(Your task):
Before you return the entries below, strip out the pictures and keep all else exact.

(Data for review):
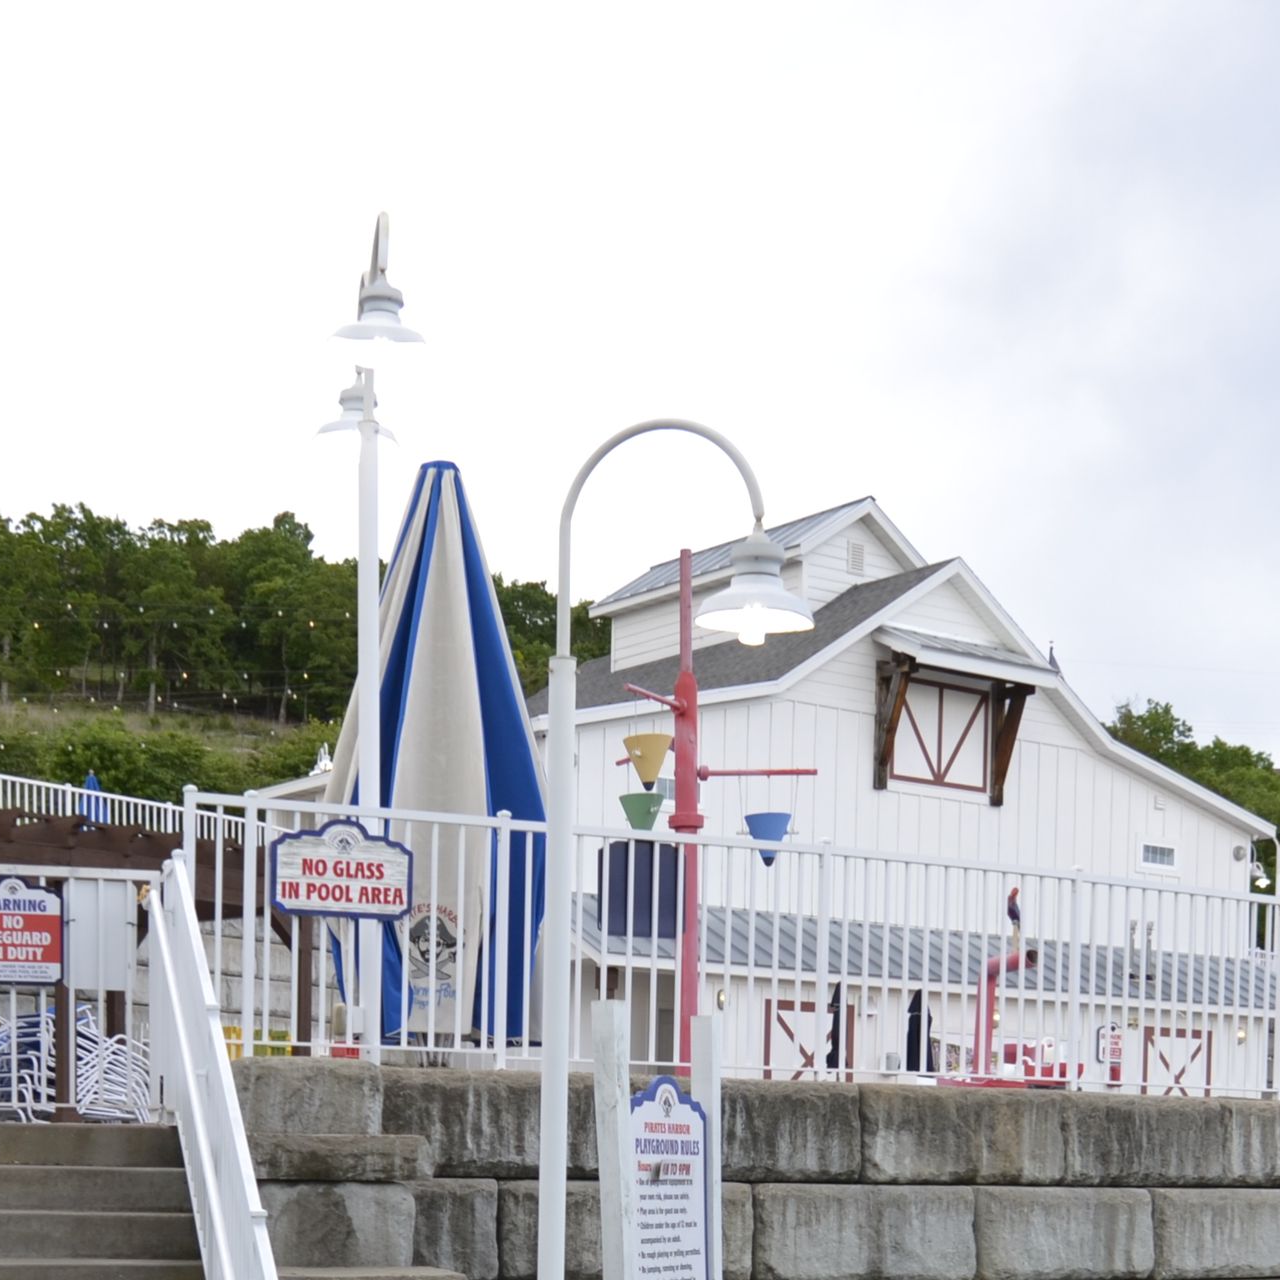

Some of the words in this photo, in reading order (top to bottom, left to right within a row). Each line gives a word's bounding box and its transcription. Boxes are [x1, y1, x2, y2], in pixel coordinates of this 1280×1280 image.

[302, 858, 327, 877] NO
[333, 859, 384, 880] GLASS
[281, 881, 300, 899] IN
[306, 883, 353, 903] POOL
[358, 886, 404, 906] AREA
[2, 915, 24, 929] NO
[8, 946, 44, 961] DUTY
[644, 1122, 666, 1134] PIRATES
[668, 1123, 690, 1135] HARBOR
[635, 1138, 679, 1155] PLAYGROUND
[681, 1140, 699, 1156] RULES
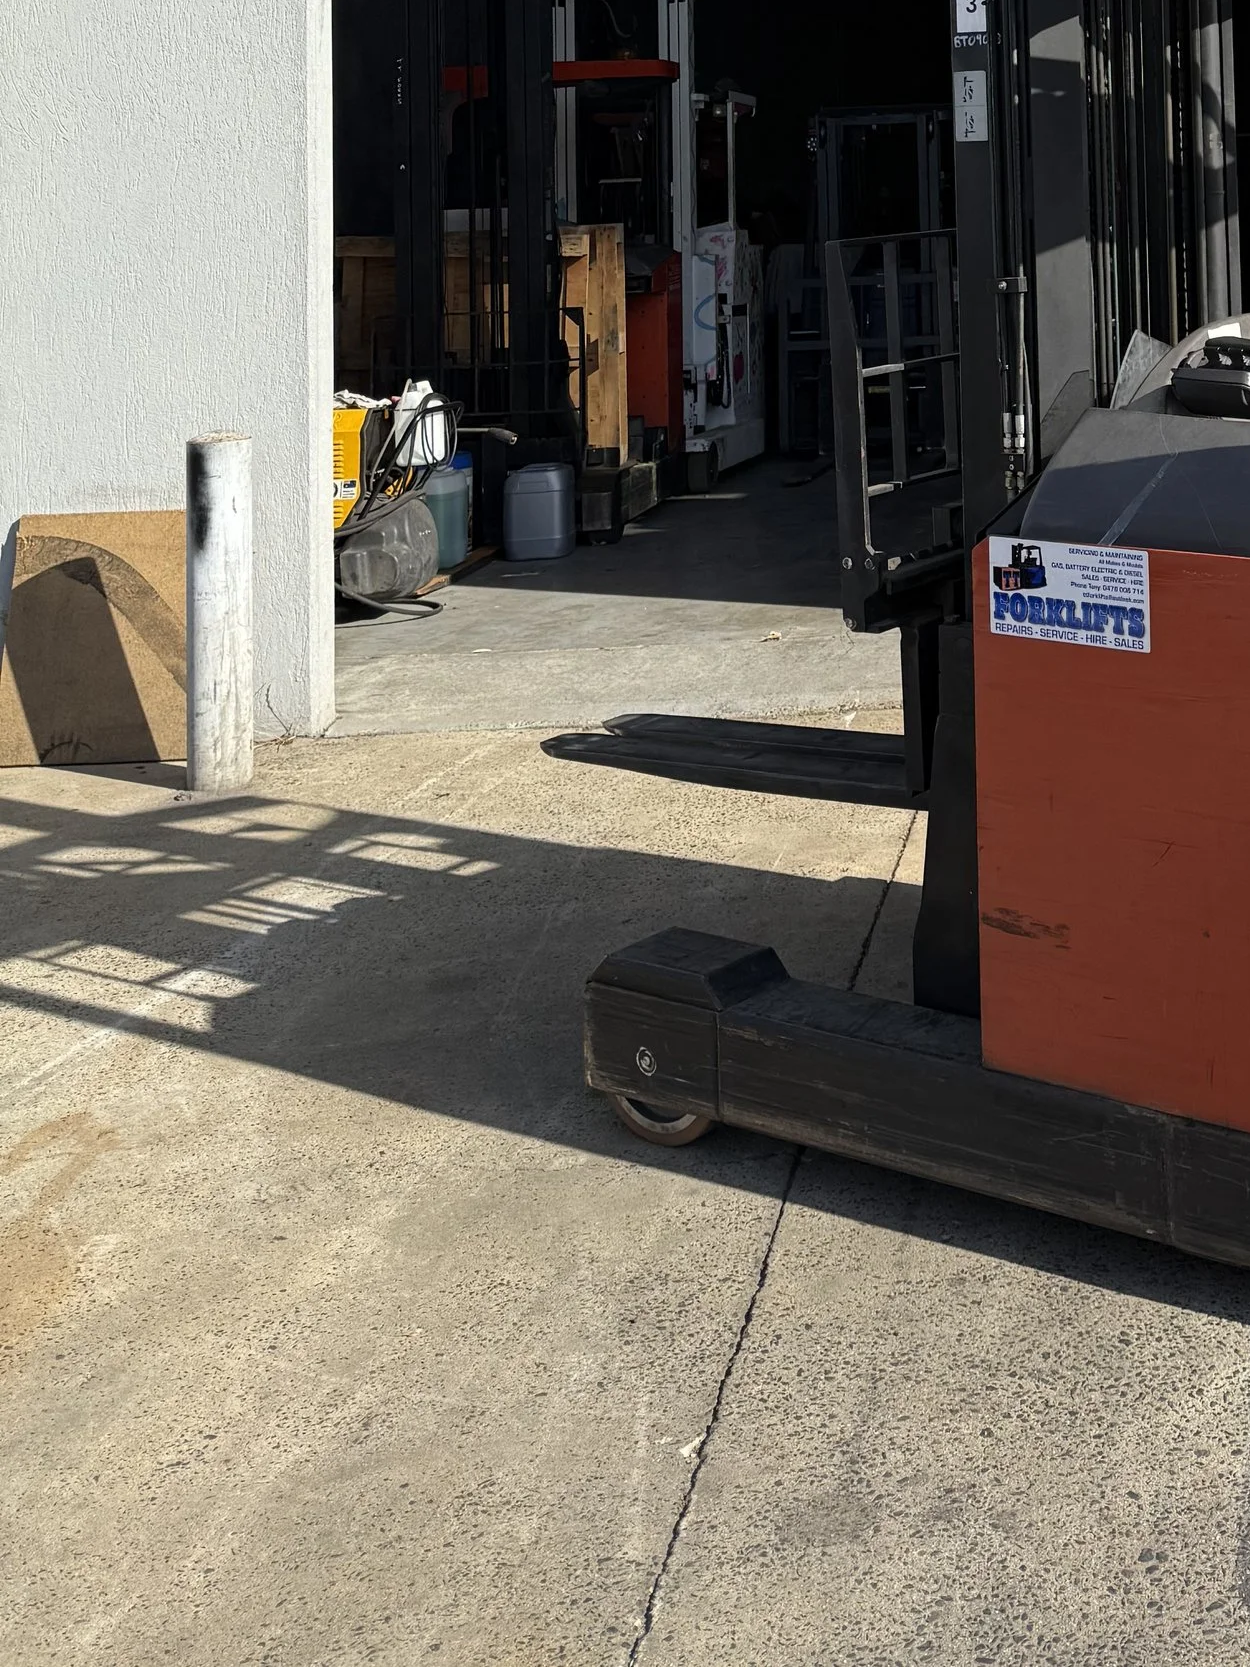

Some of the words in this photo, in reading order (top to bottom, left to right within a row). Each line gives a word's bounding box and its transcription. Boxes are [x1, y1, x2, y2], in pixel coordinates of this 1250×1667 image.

[993, 591, 1145, 638] FORKLIFTS
[995, 622, 1033, 636] REPAIRS
[1040, 629, 1078, 642] SERVICE
[1085, 635, 1107, 645] HIRE
[1114, 638, 1144, 650] SALES
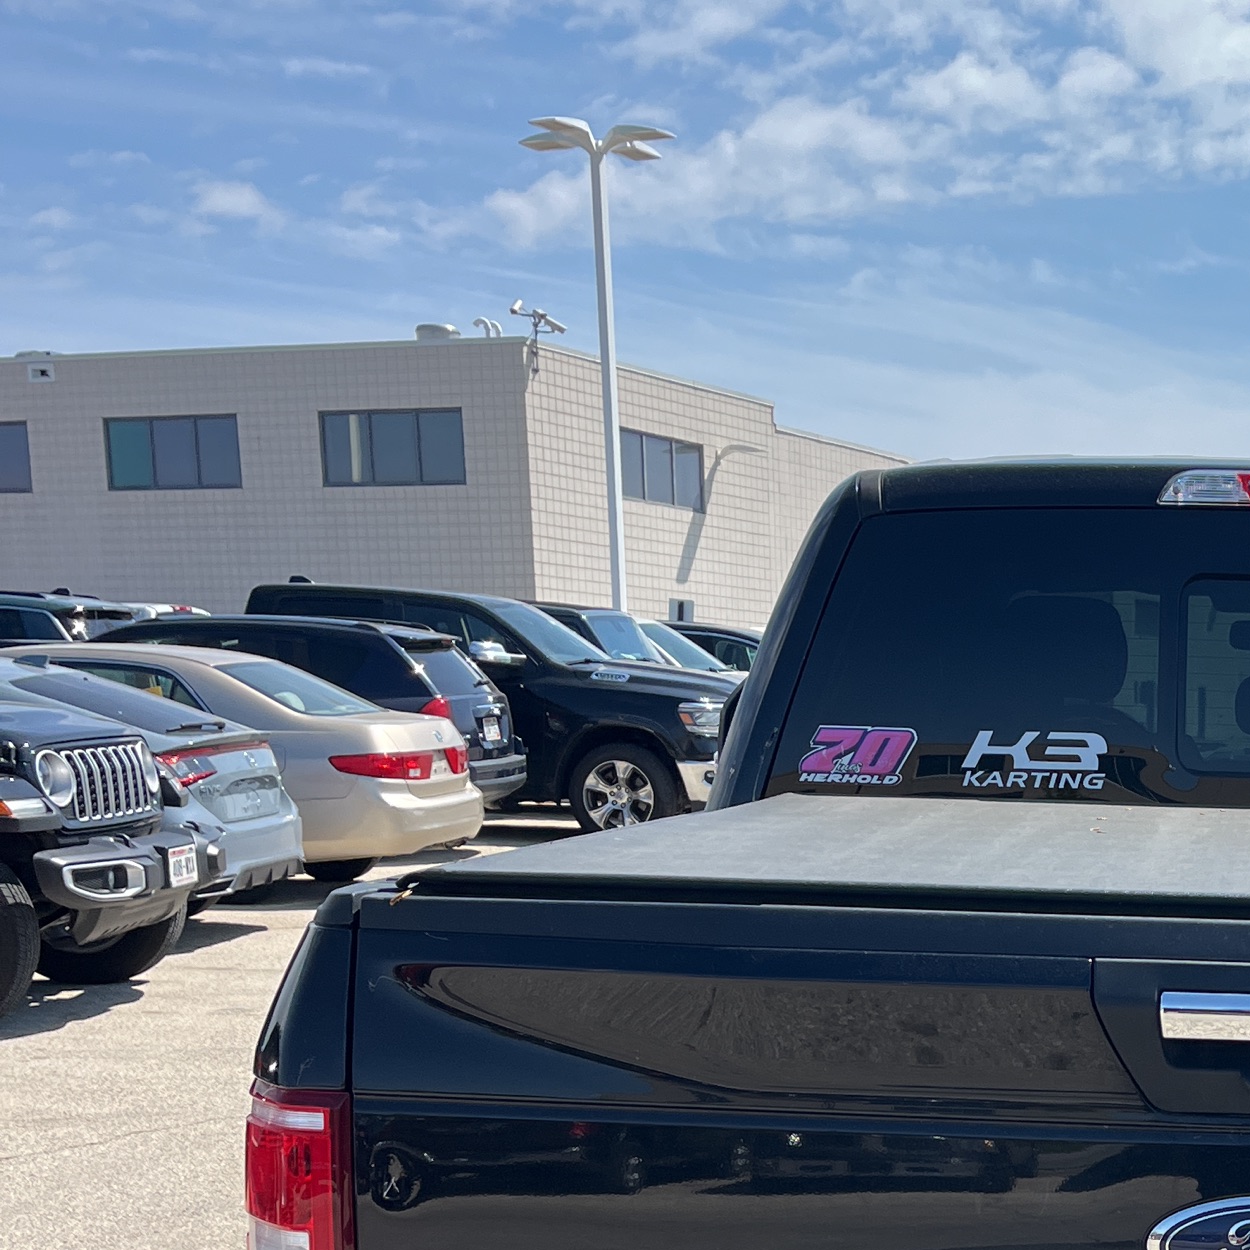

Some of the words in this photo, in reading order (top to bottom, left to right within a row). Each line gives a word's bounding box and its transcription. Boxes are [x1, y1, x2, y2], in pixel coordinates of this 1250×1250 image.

[961, 730, 1108, 770] K3
[799, 773, 900, 785] HERHOLD
[962, 770, 1106, 790] KARTING
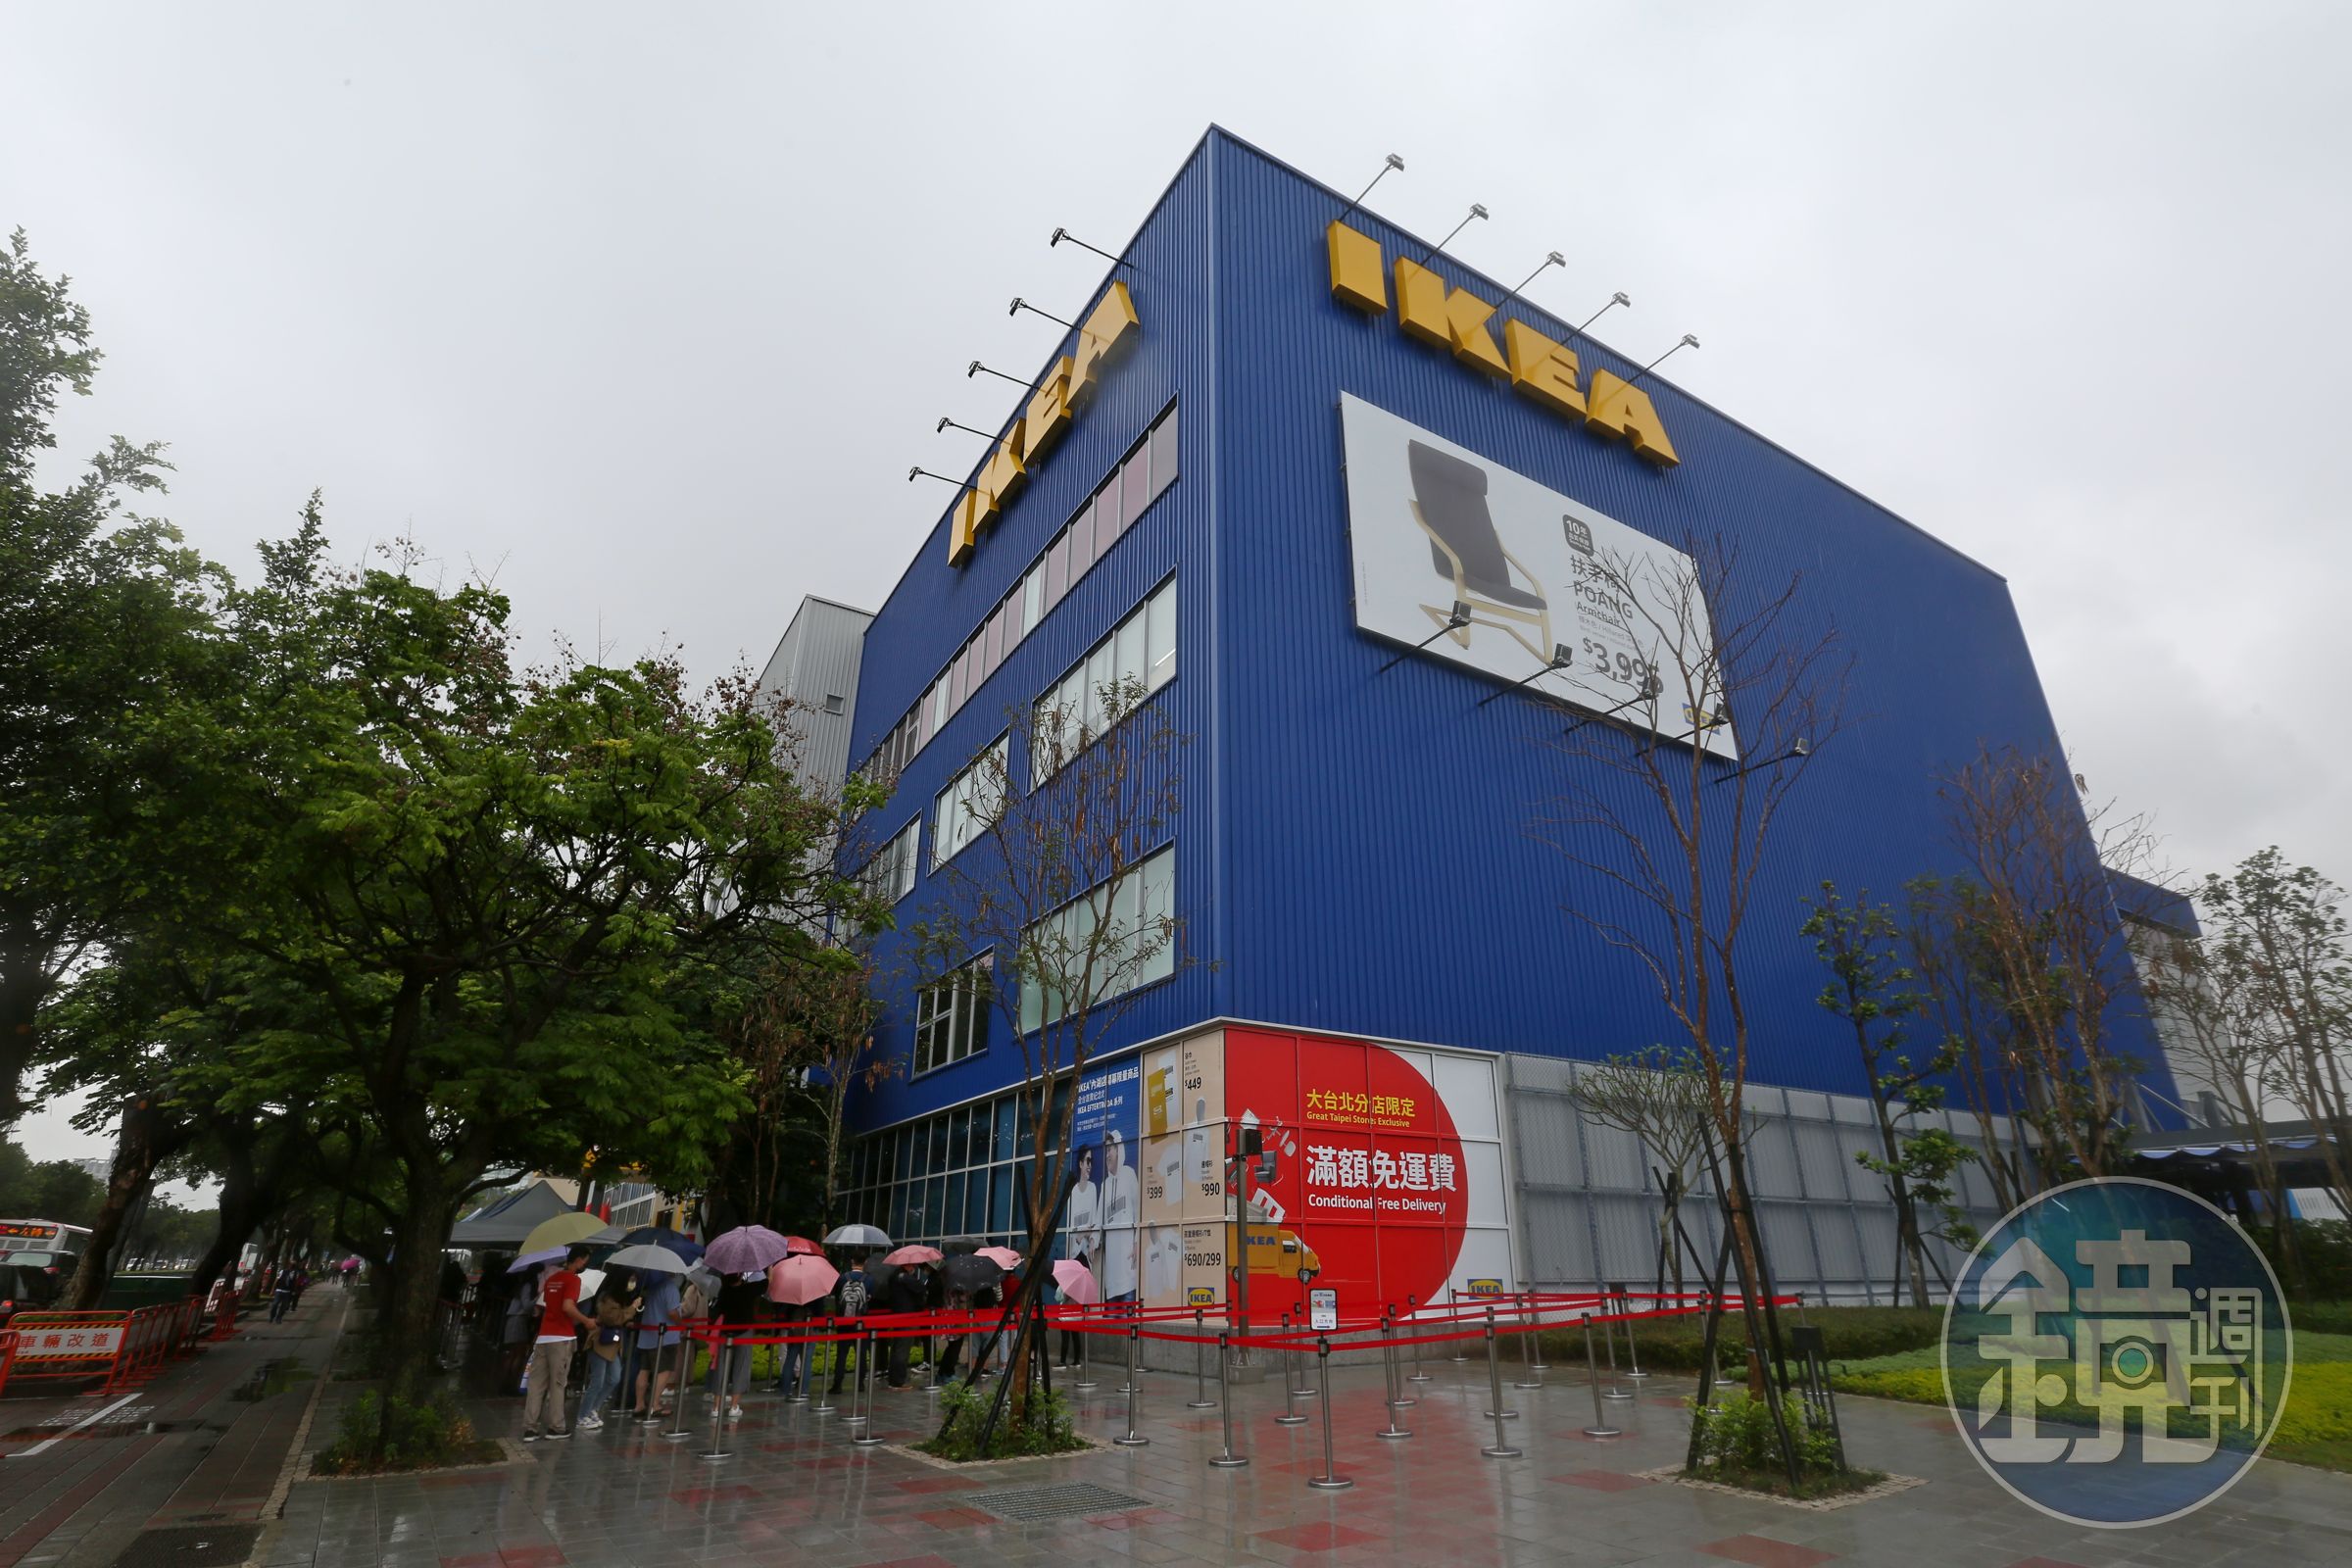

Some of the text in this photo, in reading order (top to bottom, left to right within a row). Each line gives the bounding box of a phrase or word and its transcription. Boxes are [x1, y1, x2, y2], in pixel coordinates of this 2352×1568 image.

[1327, 220, 1680, 468] IKEA
[948, 280, 1140, 566] IKEA
[1577, 601, 1621, 627] Armchair
[1185, 1077, 1201, 1090] $449
[1306, 1089, 1416, 1117] 大台北分店限定
[1306, 1111, 1328, 1121] Great
[1329, 1113, 1351, 1124] Taipei
[1378, 1118, 1410, 1128] Exclusive
[1306, 1145, 1456, 1192] 滿額免運費
[1147, 1186, 1163, 1200] $399
[1201, 1182, 1220, 1197] $990
[1308, 1194, 1446, 1215] Conditional Free Delivery
[1184, 1252, 1221, 1267] $690/299
[1470, 1285, 1500, 1295] IKEA
[1190, 1294, 1212, 1303] IKEA
[19, 1333, 110, 1348] 車輛改道

(Task solution):
Some of the words in this photo, in reading order (top to bottom, left to right within a row). Each line gives a word's bounding box and its transcription. Boxes are [x1, y1, x2, y2], in pixel coordinates of this 1280×1280 image.

[302, 858, 327, 877] NO
[333, 859, 384, 880] GLASS
[281, 881, 300, 899] IN
[306, 883, 353, 903] POOL
[358, 886, 404, 906] AREA
[2, 915, 24, 929] NO
[8, 946, 44, 961] DUTY
[644, 1122, 666, 1134] PIRATES
[668, 1123, 690, 1135] HARBOR
[635, 1138, 679, 1155] PLAYGROUND
[681, 1140, 699, 1156] RULES

Some of the words in this photo, in reading order (top to bottom, left to right within a row). Each line gives a word's bounding box and its transcription. Boxes are [x1, y1, x2, y2], in pixel coordinates of this 1250×1667 image.

[993, 591, 1145, 638] FORKLIFTS
[995, 622, 1033, 636] REPAIRS
[1040, 629, 1078, 642] SERVICE
[1085, 635, 1107, 645] HIRE
[1114, 638, 1144, 650] SALES

Some of the words in this photo, in reading order (top to bottom, left to right within a row). Each line gives a word's bounding box and its transcription. Boxes are [x1, y1, x2, y2], in pixel coordinates of this 1250×1250 image.

[961, 730, 1108, 770] K3
[799, 773, 900, 785] HERHOLD
[962, 770, 1106, 790] KARTING

Some of the text in this photo, in reading order (top to bottom, left to right within a row). Each line gives the bounding box of a phrase or word and its transcription. Boxes are [x1, y1, x2, y2], in pixel coordinates of this 2352×1568 image.

[1327, 220, 1680, 468] IKEA
[948, 280, 1140, 566] IKEA
[1577, 601, 1621, 627] Armchair
[1185, 1077, 1201, 1090] $449
[1306, 1089, 1416, 1117] 大台北分店限定
[1306, 1111, 1328, 1121] Great
[1329, 1113, 1351, 1124] Taipei
[1378, 1118, 1410, 1128] Exclusive
[1306, 1145, 1456, 1192] 滿額免運費
[1147, 1186, 1163, 1200] $399
[1201, 1182, 1220, 1197] $990
[1308, 1194, 1446, 1215] Conditional Free Delivery
[1184, 1252, 1221, 1267] $690/299
[1470, 1285, 1500, 1295] IKEA
[1190, 1294, 1212, 1303] IKEA
[19, 1333, 110, 1348] 車輛改道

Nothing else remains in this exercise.